Вопрос лишь в том, кто выбился в Пигмалионы.
Лиса и какаду
И всякий наперебой тужился высказать, вытрясти наружу ее томящий смысл.
Борис Житков– У тебя их было так много, неужели не мог остановиться ни на одной? – прозвучал робкий вопрос. Ответ хрипел, как старая пластинка: «Они не любят, когда неожиданно останавливаешься».
– То есть?
– Ты дурак, да? Ах, пофиг. Все равно фастфуд. Переходящий в фэйд-аут.
– Фастфуд?
– Как ни крути и как ни старайся… – Хрипота на мгновение замолчала. – Вот и здесь, взгляни. Почти еда. Если смешать немецкий с английским. Дешево и сердито, быстро, иногда вкусно, иногда нет, иногда из кувшина, иногда размазано по тарелке, но создает иллюзию насыщения. Червячка заморить можно.
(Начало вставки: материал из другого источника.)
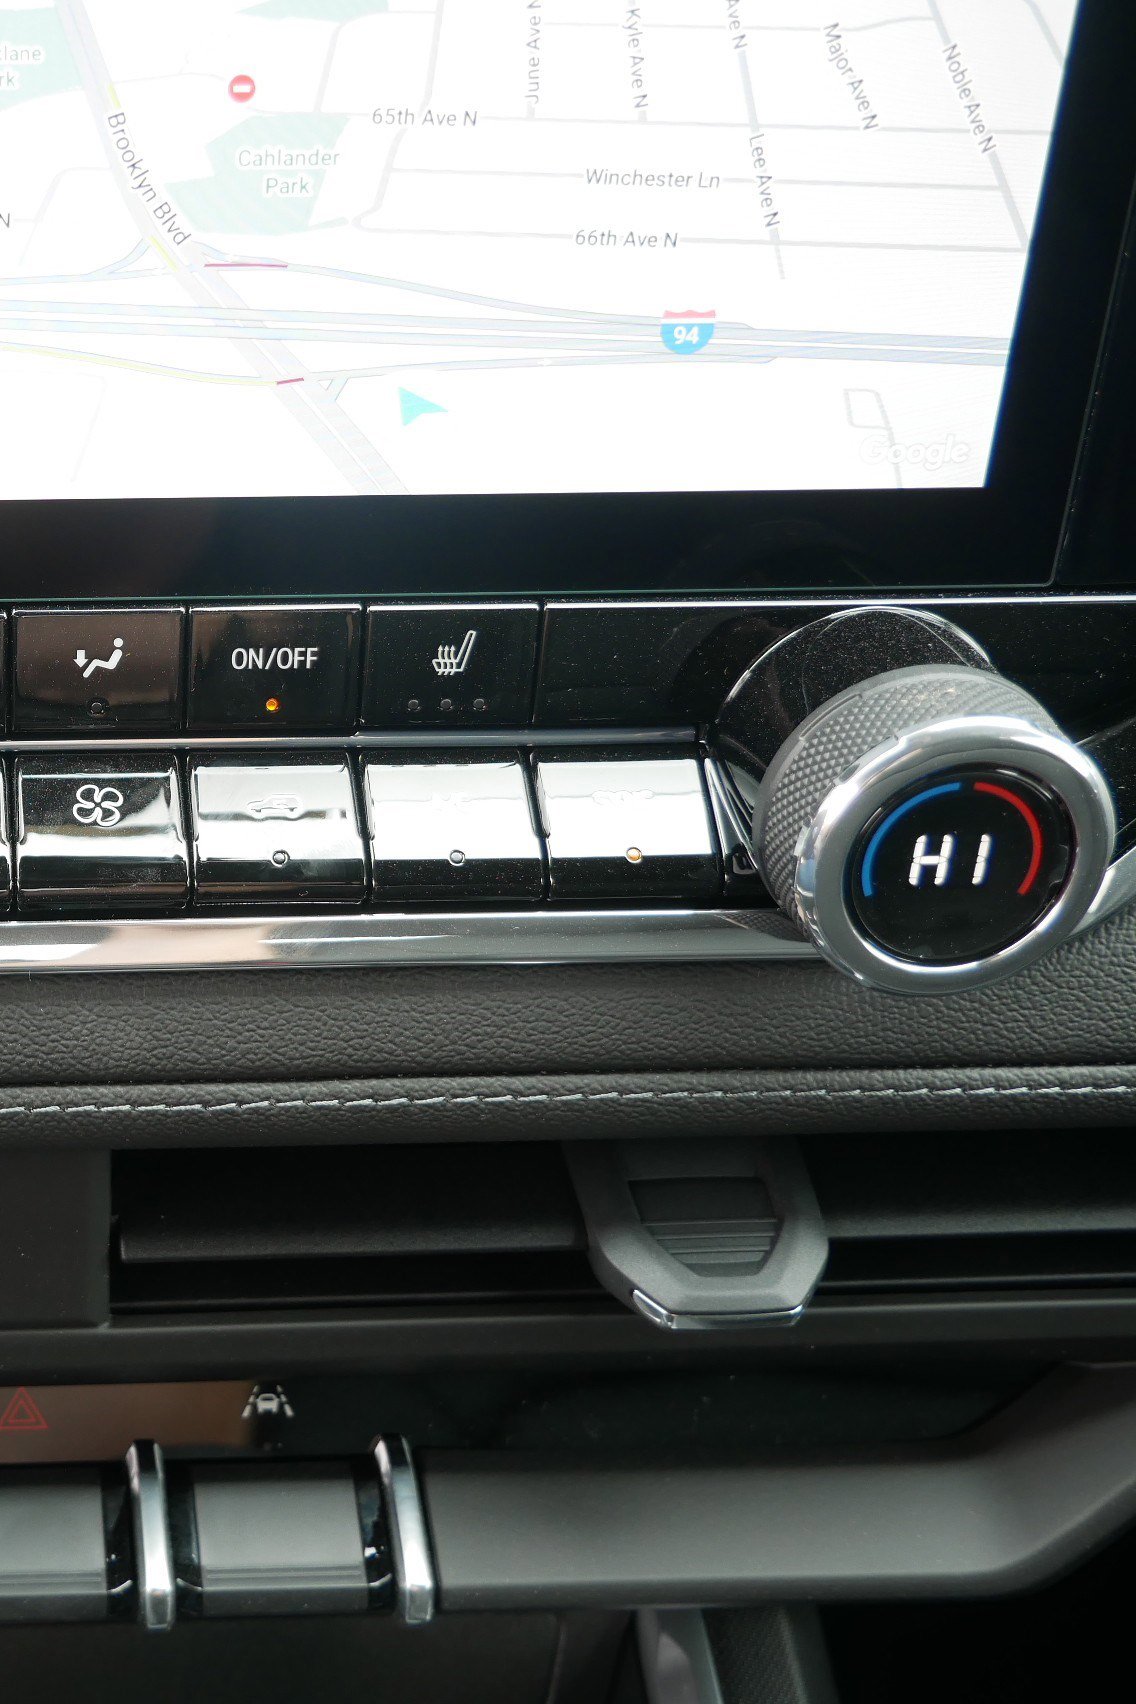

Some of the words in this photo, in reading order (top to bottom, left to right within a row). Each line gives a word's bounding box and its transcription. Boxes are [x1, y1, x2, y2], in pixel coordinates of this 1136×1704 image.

Этот разговор Ким Кислицын, сорокадвухлетний сотрудник одной берлинской фирмы, человек чудаковатый и брезгливый, совсем не похожий на клерка, услышал в четверг в новом бистро, открывшемся неподалеку от места службы. Только что накрапывал дождь и стал неожиданной веселой отсылкой к известному присловью: диалог как реализация несбыточного обещания. «Русский язык, знакомая речь, – подумал Ким. – Но ведь русская речь уже давно никого не удивляет в этом городе. И вообще, что может быть особенного во встрече двух вахлаков? Чья жизнь, как сказал поэт, полна варначества. Увидеться они всегда могут». Собеседников Ким рассмотреть не успел, а исходя из тона разговора решил, что его внимания парочка не заслуживает.